Nuclear Technology / Volume 147 / Number 2 / August 2004 / Pages 191-201
Technical Paper / Thermal Hydraulics
In a severe accident of a light water reactor (LWR), heat transfer models in a narrow gap between superheated core debris and reactor pressure vessel (RPV) are important for evaluating the integrity of the RPV and emergency procedures. Newly developed heat transfer models are discussed that take into account both the local heat flux on a heated surface, which is characterized by the boiling regime, and the average critical heat flux (CHF) on a heated surface, which is restricted by countercurrent flow limitation (CCFL), including the effect of an inclination angle of the gap.
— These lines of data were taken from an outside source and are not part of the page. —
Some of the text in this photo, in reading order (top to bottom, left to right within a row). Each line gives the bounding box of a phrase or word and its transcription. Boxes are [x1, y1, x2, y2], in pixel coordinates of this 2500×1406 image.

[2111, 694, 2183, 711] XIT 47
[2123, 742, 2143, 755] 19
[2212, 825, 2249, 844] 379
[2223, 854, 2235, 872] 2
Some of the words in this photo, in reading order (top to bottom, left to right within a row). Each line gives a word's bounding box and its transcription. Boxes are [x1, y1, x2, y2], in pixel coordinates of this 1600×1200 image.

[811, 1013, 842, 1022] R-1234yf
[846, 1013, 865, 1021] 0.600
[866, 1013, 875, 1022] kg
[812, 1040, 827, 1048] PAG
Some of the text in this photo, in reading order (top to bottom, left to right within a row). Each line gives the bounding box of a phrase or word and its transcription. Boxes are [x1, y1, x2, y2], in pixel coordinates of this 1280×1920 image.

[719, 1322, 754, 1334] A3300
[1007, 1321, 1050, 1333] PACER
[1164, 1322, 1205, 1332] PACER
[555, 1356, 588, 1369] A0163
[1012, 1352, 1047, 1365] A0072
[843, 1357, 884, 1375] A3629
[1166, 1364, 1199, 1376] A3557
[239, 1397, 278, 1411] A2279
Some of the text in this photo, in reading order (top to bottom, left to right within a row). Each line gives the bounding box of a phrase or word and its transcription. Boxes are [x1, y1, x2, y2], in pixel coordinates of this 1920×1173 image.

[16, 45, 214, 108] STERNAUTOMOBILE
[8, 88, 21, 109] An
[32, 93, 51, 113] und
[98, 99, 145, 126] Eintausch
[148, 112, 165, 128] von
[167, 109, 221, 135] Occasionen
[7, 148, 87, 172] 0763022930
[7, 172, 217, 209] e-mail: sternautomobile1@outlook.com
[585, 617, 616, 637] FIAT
The models were incorporated into the mechanistic detailed code RELAP/SCDAPSIM/MOD3.2. The local heat flux was applied to the outer surface of the debris and the inner surface of the RPV wall. The average CHF was evaluated through the CCFL phenomenon at each junction in the gap. For the assessment, an analysis of Japan Atomic Energy Research Institute's ALPHA test was performed. The calculated peak temperature response of the vessel showed good agreement with the experimental data. It was validated that the new models effectively simulate the coolability in a narrow gap, which could be an effective means of cooling the vessel wall and thereby preventing RPV failure, as was demonstrated in the TMI-2 accident.